▶ **Task description**: Whichever lines of the material contain "phrase", copy each of them.

▶ **Source data**:
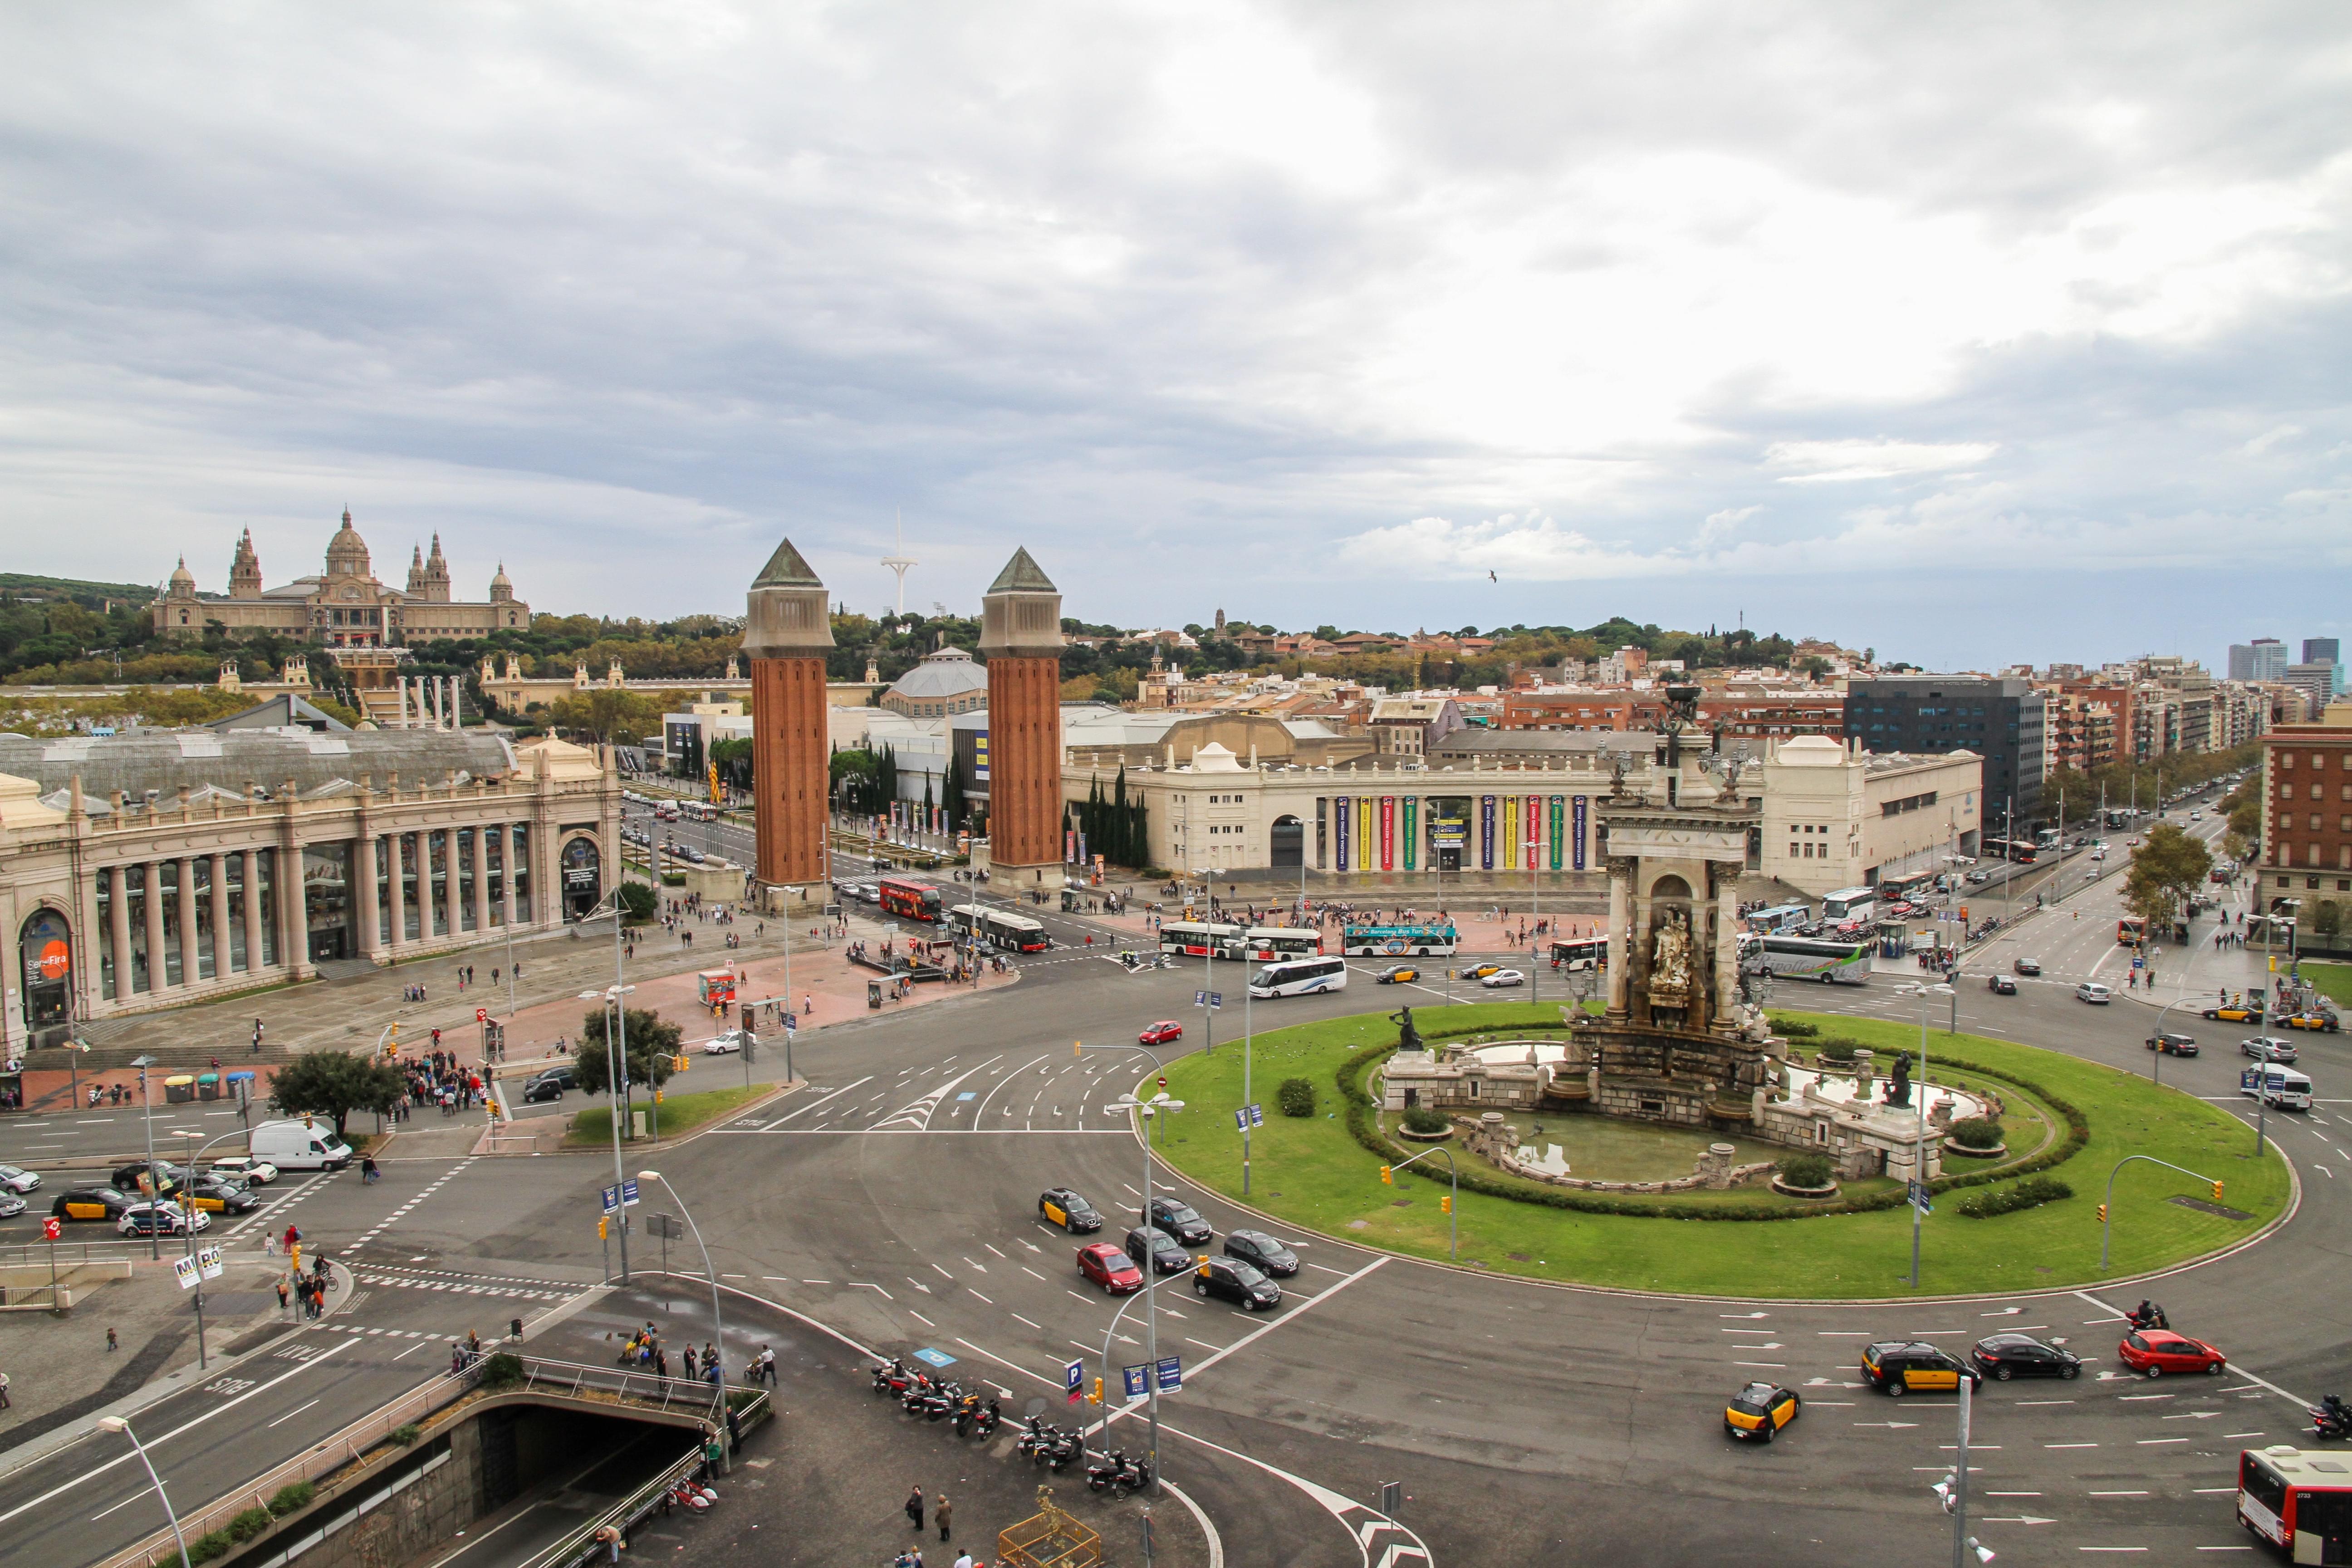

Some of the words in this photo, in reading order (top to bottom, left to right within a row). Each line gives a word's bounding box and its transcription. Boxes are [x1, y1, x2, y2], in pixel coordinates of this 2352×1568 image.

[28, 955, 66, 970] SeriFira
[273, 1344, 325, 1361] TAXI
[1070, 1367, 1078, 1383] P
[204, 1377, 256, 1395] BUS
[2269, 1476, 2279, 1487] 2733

---

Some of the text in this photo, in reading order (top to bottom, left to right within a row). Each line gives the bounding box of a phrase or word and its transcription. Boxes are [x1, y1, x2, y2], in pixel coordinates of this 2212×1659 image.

--

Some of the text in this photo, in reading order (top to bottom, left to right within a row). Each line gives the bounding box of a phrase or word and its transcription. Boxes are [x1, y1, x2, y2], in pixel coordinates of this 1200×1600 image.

▶ **Response for this exercise**:
Some of the text in this photo, in reading order (top to bottom, left to right within a row). Each line gives the bounding box of a phrase or word and its transcription. Boxes are [x1, y1, x2, y2], in pixel coordinates of this 2212×1659 image.
Some of the text in this photo, in reading order (top to bottom, left to right within a row). Each line gives the bounding box of a phrase or word and its transcription. Boxes are [x1, y1, x2, y2], in pixel coordinates of this 1200×1600 image.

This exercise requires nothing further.